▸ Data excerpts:
++++

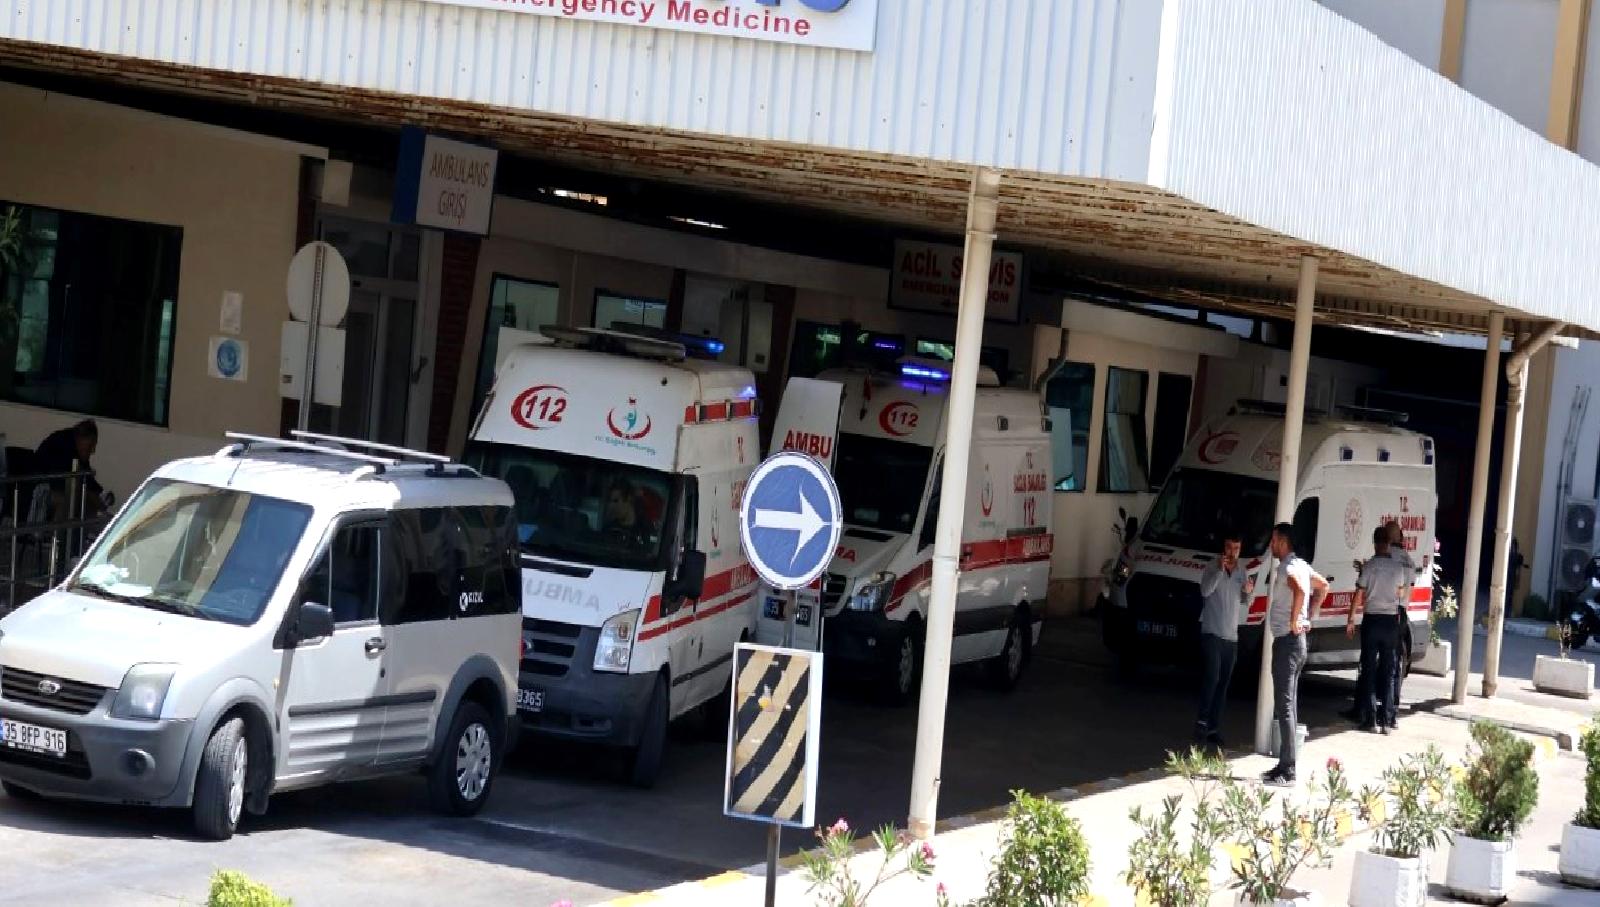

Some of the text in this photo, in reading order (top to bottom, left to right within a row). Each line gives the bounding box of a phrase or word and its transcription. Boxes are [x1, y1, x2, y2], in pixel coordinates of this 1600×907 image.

[494, 0, 655, 23] gency
[667, 0, 811, 36] Medicine
[430, 152, 490, 188] AMBULANS
[901, 248, 1015, 286] ACİL SVİS
[525, 395, 567, 422] 112
[891, 411, 919, 428] 112
[783, 430, 832, 459] AMBU
[4, 722, 17, 740] 35
[44, 730, 64, 751] 916
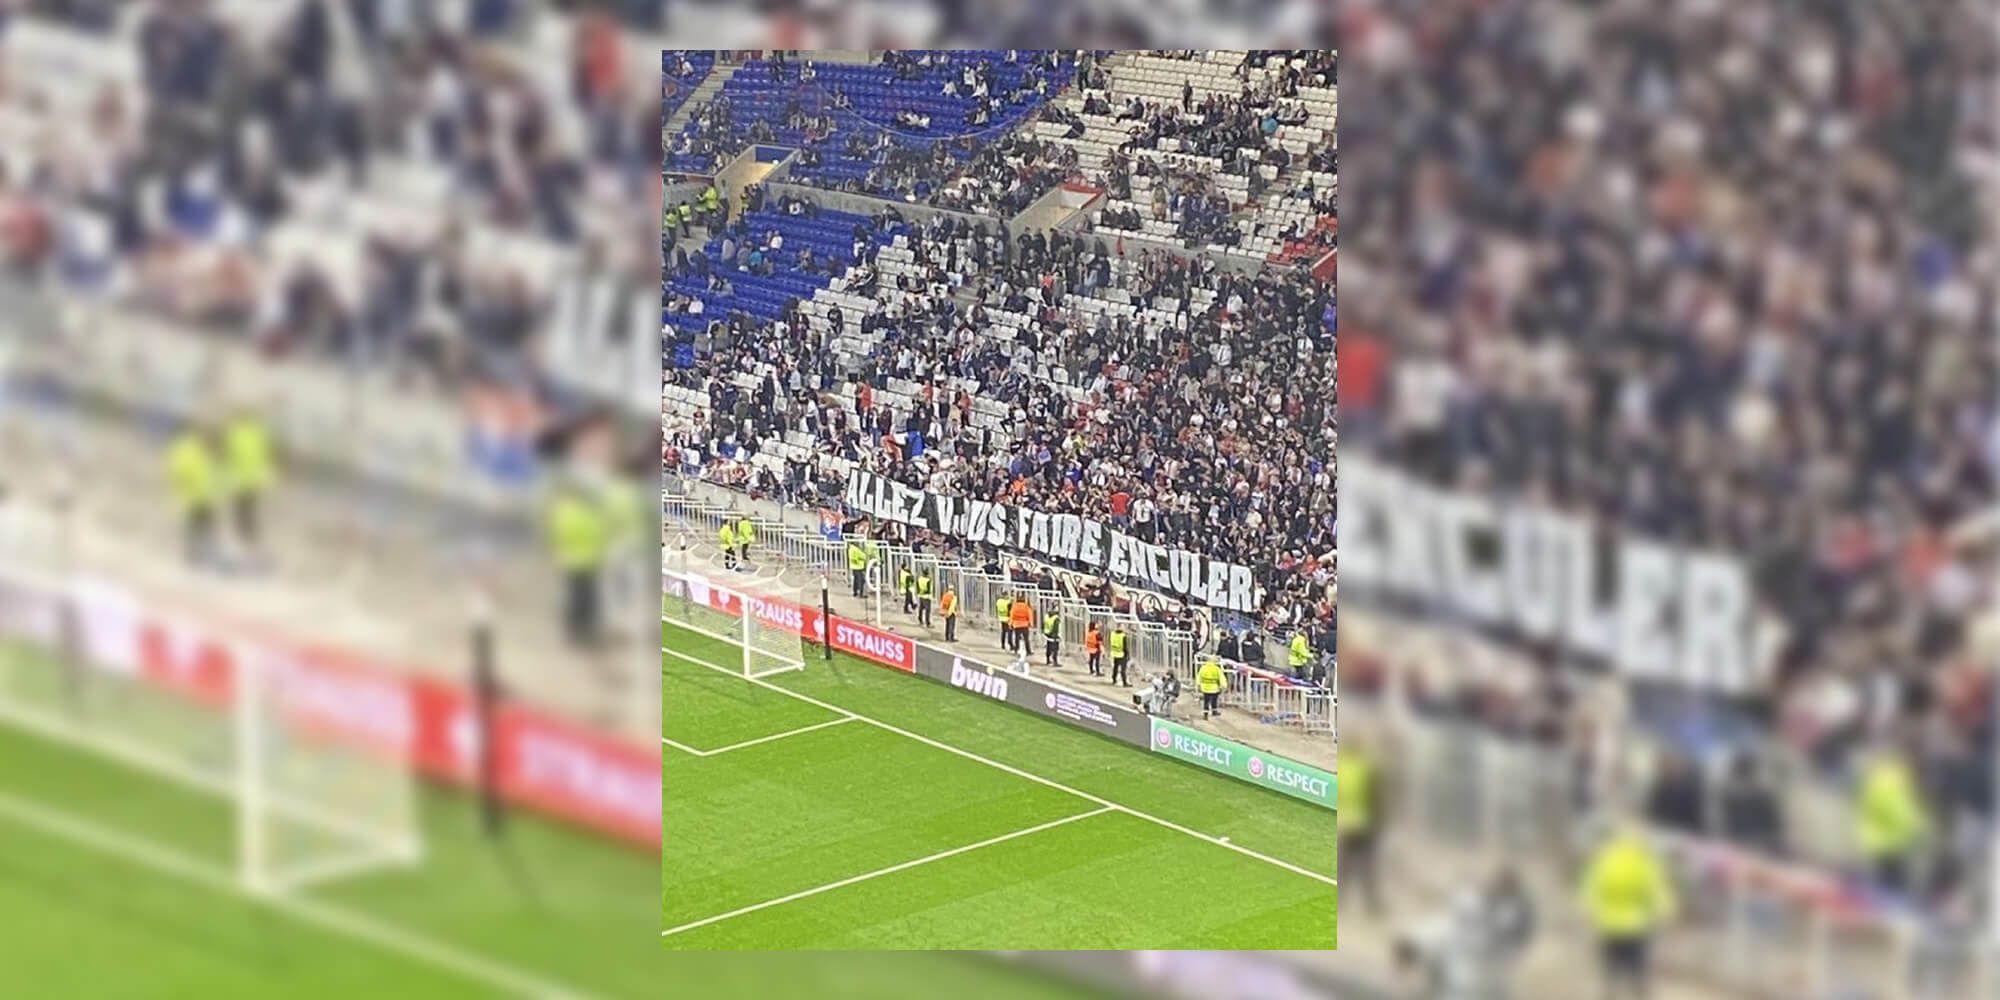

++++

Give back all of the entries verbatim, but without pictures.

Some of the text in this photo, in reading order (top to bottom, left to right within a row). Each line gives the bounding box of a phrase or word and its transcription. Boxes are [x1, y1, x2, y2], in pixel coordinates of this 1600×907 image.

[494, 0, 655, 23] gency
[667, 0, 811, 36] Medicine
[430, 152, 490, 188] AMBULANS
[901, 248, 1015, 286] ACİL SVİS
[525, 395, 567, 422] 112
[891, 411, 919, 428] 112
[783, 430, 832, 459] AMBU
[4, 722, 17, 740] 35
[44, 730, 64, 751] 916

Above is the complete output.